In February 2012, Butland rejoined Cheltenham on a youth loan until the end of the season. He went straight into the starting eleven, and kept a clean sheet against AFC Wimbledon to help maintain Cheltenham in the automatic promotion positions. After Birmingham's first-choice goalkeeper, Boaz Myhill, injured a thumb, Butland was recalled by his parent club with three matches remaining in the regular season. Over his two spells with Cheltenham, he conceded 26 goals from 24 League Two appearances, and was regularly scouted by bigger clubs; the Daily Telegraph reported that "no fewer than 52 scouts" had watched him at one match.

====First-team breakthrough====
Butland was on the bench for the last few matches of Birmingham's 2011–12 season as the club reached the play-off semi-finals. During the close season, Birmingham were reported to have turned down a bid of £6 million for the player from Southampton, newly promoted to the Premier League. Manager Lee Clark made it clear that it would take a "crazy" offer for him to be sold. Butland himself stated that he wanted regular first-team football for the coming season, and after Ben Foster's departure for West Bromwich Albion during the close season, he was given squad number 1 for 2012–13. He finally played his first competitive match for Birmingham – three days after his full England debut – on the opening day of the 2012–13 Football League season, in a 1–1 draw at home to Charlton Athletic.

After a potential sale of the club fell through in December, the chairman confirmed that player sales would be needed in the transfer window to relieve Birmingham's financial difficulties. Butland told the club that he was not prepared to leave for a club where he would not be playing regular first-team football, and was reported to have rejected the chance to speak to European champions Chelsea about a possible transfer. Lee Clark felt that Butland's determination to play football ahead of "profile and financial rewards" reflected the player's "unbelievable maturity", and suggested that Birmingham had lost potentially "the best goalkeeper in Europe". Butland was ever-present in league matches for the 2012–13 season, and was voted Birmingham's Young Player of the Year.

===Stoke City===
Butland signed a four-and-a-half-year contract with Premier League club Stoke City on 31 January 2013. As part of the deal, he returned to Birmingham City on loan for the remainder of the season. According to Stoke, the fee was an initial £3.3 million, rising to £3.5 million. On his return to Stoke for the 2013–14 season, he found himself third choice behind Asmir Begović and Thomas Sørensen, and on 26 September, he joined Championship club Barnsley on a three-month emergency loan. With Barnsley's only other fit goalkeeper an inexperienced 19-year-old, Butland went straight into the starting eleven for their next match, a 2–1 defeat at Leicester City in which he brought down Jamie Vardy to concede a penalty and was perhaps fortunate to receive only a yellow card. Butland made 13 appearances for Barnsley before being recalled by Stoke on 26 December 2013 after Asmir Begović suffered an injury.
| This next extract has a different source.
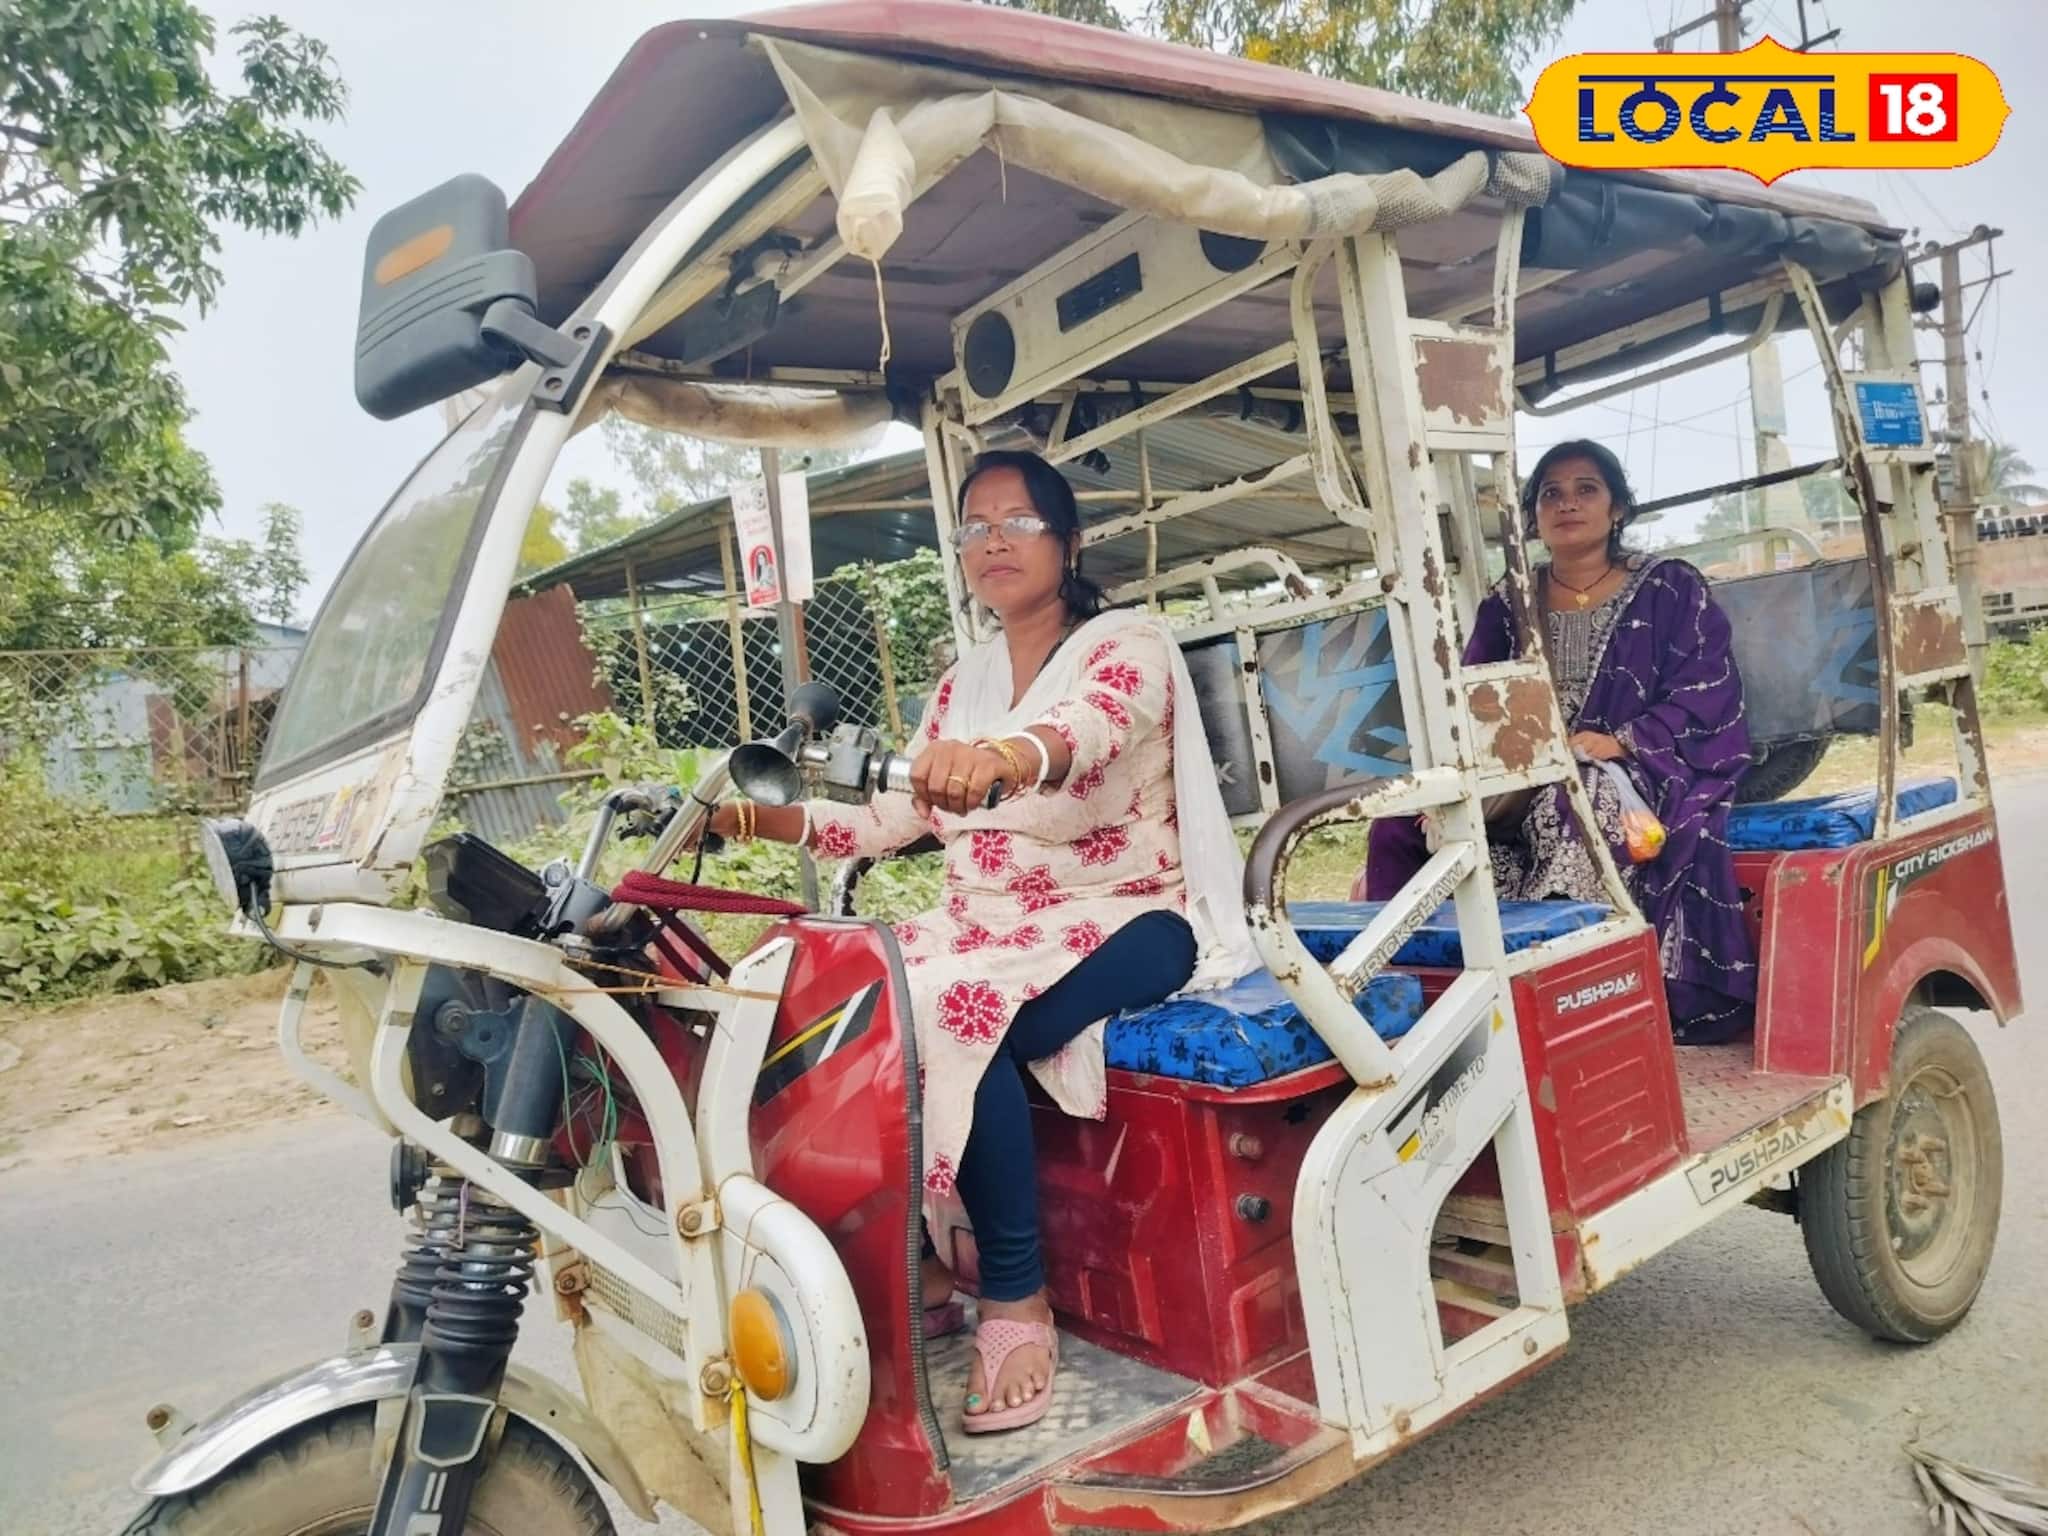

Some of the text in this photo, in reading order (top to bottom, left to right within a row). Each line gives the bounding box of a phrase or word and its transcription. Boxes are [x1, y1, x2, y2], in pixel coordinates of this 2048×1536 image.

[1895, 853, 1926, 878] CITY
[1557, 971, 1637, 1015] PUSHPAK
[1440, 1071, 1470, 1113] TIME
[1469, 1055, 1486, 1081] TO
On 1 January 2014, Butland made his Premier League debut for the Potters, replacing injured keeper Thomas Sørensen at half time against Everton; the match ended as a 1–1 draw. Butland made his first league start on 12 January 2014 against Liverpool which ended in a 5–3 defeat.

On 20 February 2014, Butland joined Championship club Leeds United for the remainder of the 2013–14 season. Stoke manager Mark Hughes believed the move was important for Butland to gain more first-team experience stating that "this opportunity to go to Leeds, where they have a big fanbase and big expectations will be another good step for him." With injury to Leeds' first-choice keeper Paddy Kenny, Butland went straight into the first team, made his debut in a 0–0 draw with Middlesbrough, and was named man of the match. Butland had a tough time with Leeds: he conceded 28 goals in 16 appearances as the team finished in 15th position.
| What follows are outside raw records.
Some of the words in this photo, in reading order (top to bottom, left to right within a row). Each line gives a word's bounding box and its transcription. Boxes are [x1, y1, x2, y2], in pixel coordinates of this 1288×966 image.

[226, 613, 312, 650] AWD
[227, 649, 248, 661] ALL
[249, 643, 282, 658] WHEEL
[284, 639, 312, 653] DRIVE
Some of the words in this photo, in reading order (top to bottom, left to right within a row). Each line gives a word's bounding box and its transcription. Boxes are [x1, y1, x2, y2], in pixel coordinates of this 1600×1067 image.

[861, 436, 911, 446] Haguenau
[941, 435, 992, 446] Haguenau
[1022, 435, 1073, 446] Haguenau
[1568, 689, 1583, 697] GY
On 20 October 2014 Butland joined Derby County on a one-month loan. He played six times for the Rams before returning to Stoke. Butland became back-up to Asmir Begović in the 2014–15 campaign, playing in League Cup and FA Cup matches, and in March 2015 his contract was extended until the summer of 2019. Butland played in three matches in May 2015, keeping clean sheets against Tottenham Hotspur and Burnley.

Following the sale of Begović, Butland was handed the number one shirt by Mark Hughes ahead of the 2015–16 season. Butland impressed in a 1–1 draw with Norwich City on 22 August 2015. On 27 October, in the fourth round of the League Cup, he saved from Eden Hazard as Stoke defeated Chelsea in a penalty shootout after a 1–1 draw. Four days later, Butland was widely praised for another man of the match display as Stoke drew 0–0 with Newcastle United. In March 2016 Butland's contract with the Potters was extended until the summer of 2021. He was ever-present until 26 March, when he suffered a fractured ankle whilst playing for England against Germany, ruling him out for the remainder of the season. Butland made 35 appearances for Stoke in 2015–16 and his performances earned him the club's player of the year award.
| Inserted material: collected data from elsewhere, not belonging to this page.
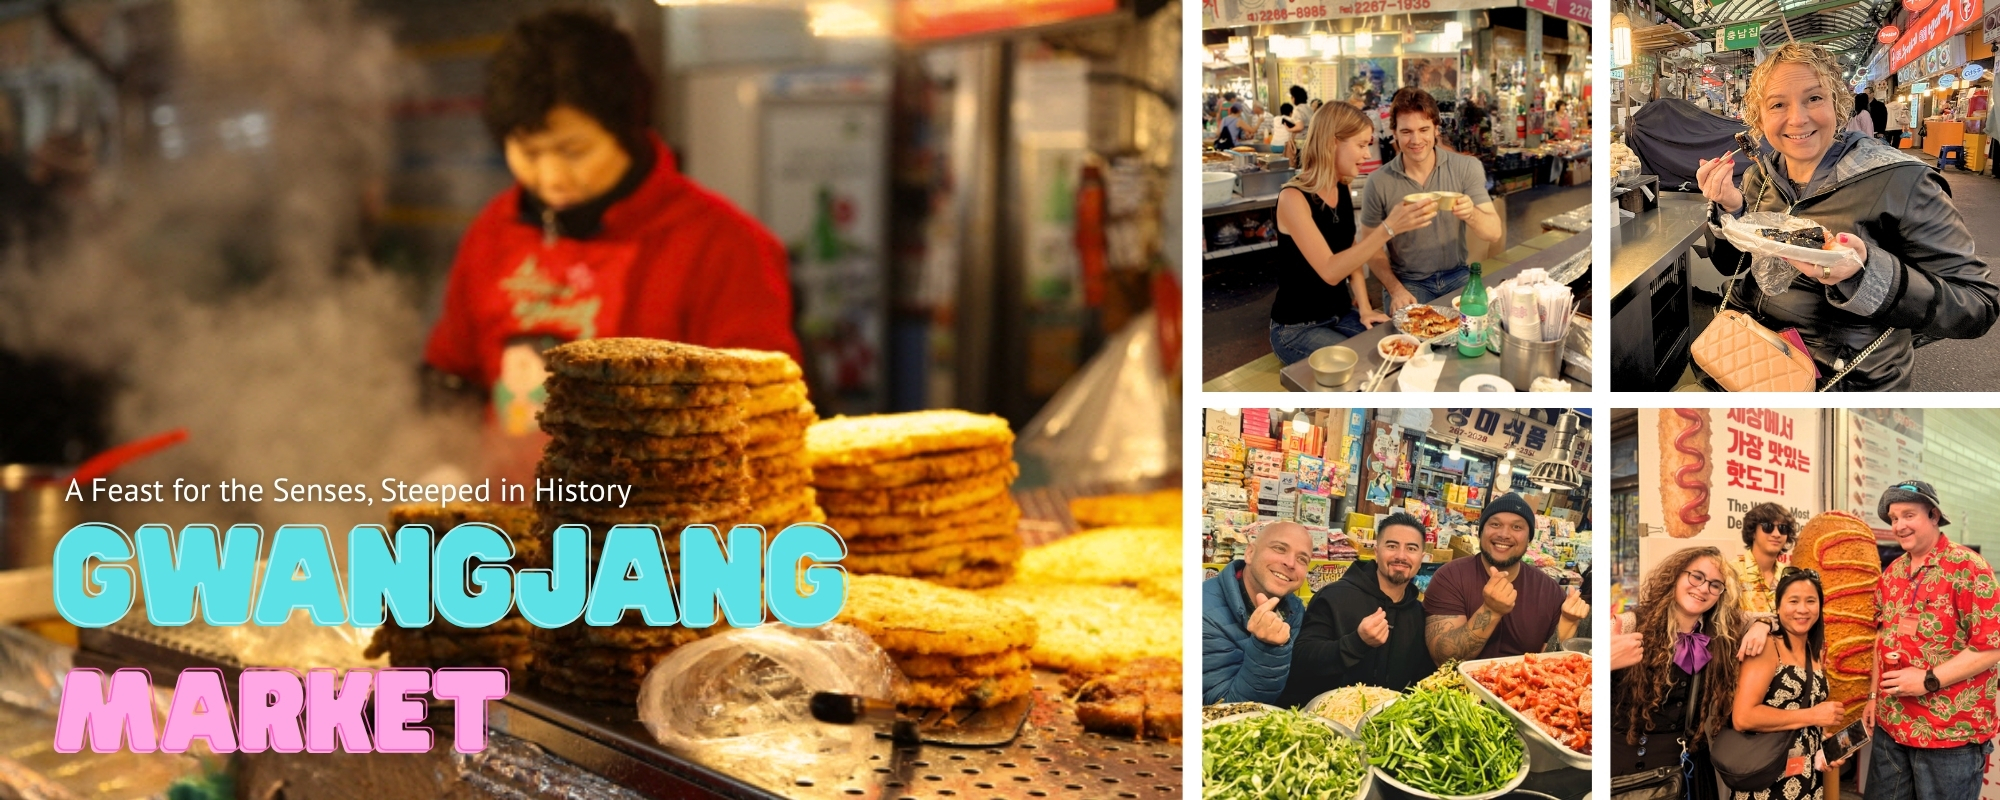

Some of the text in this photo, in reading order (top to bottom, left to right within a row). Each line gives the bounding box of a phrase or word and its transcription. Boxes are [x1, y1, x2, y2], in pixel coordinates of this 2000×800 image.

[1727, 27, 1758, 41] 충남집
[1448, 408, 1548, 451] 미식품
[1449, 426, 1488, 443] 267-2028
[1727, 427, 1810, 473] 가장 맛있는
[1726, 459, 1785, 496] 핫도그!
[1727, 498, 1748, 513] The
[1790, 507, 1810, 520] Most
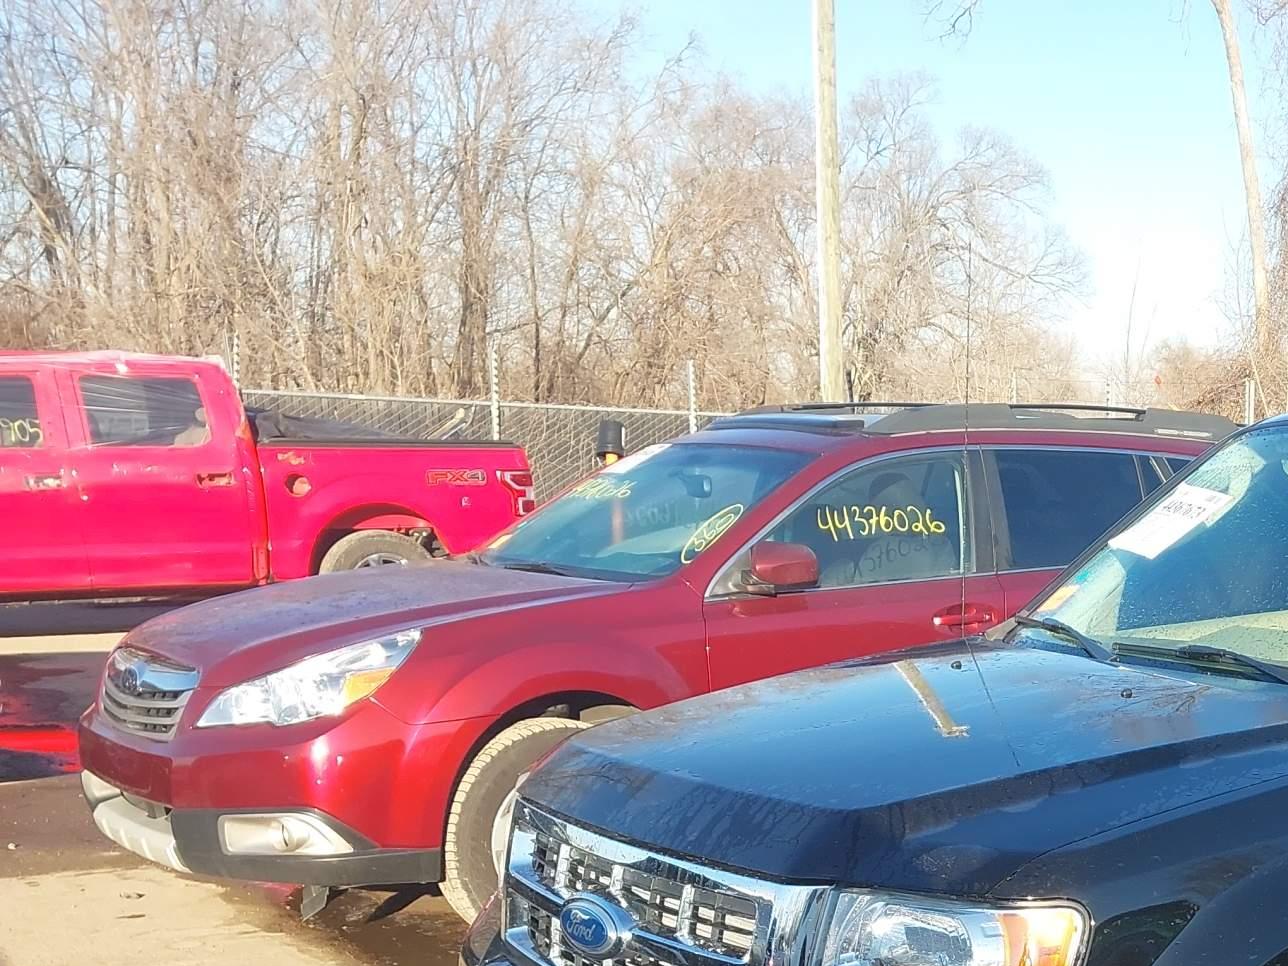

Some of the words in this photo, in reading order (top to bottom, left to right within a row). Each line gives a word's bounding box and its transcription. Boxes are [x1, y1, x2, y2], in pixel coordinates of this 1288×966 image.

[427, 469, 486, 485] FX4
[817, 505, 945, 541] 44376026
[566, 909, 594, 941] Ford
Butland returned from injury in time for the 2016–17 pre-season. However, he missed the opening matches of the season and underwent further surgery on his ankle in September 2016 and again in December 2016, when Hughes revealed the player might miss the rest of the season. He was eventually given the green light to return to training by a specialist in March 2017. He made his return from injury on 22 April against Swansea City. Butland played in the final five matches of the 2016–17 season, keeping two clean sheets as Stoke finished in 13th position. Butland played 36 times in 2017–18 as Stoke were relegated to the Championship. Following relegation, Butland criticised the club's transfer policy, branding it "farcical".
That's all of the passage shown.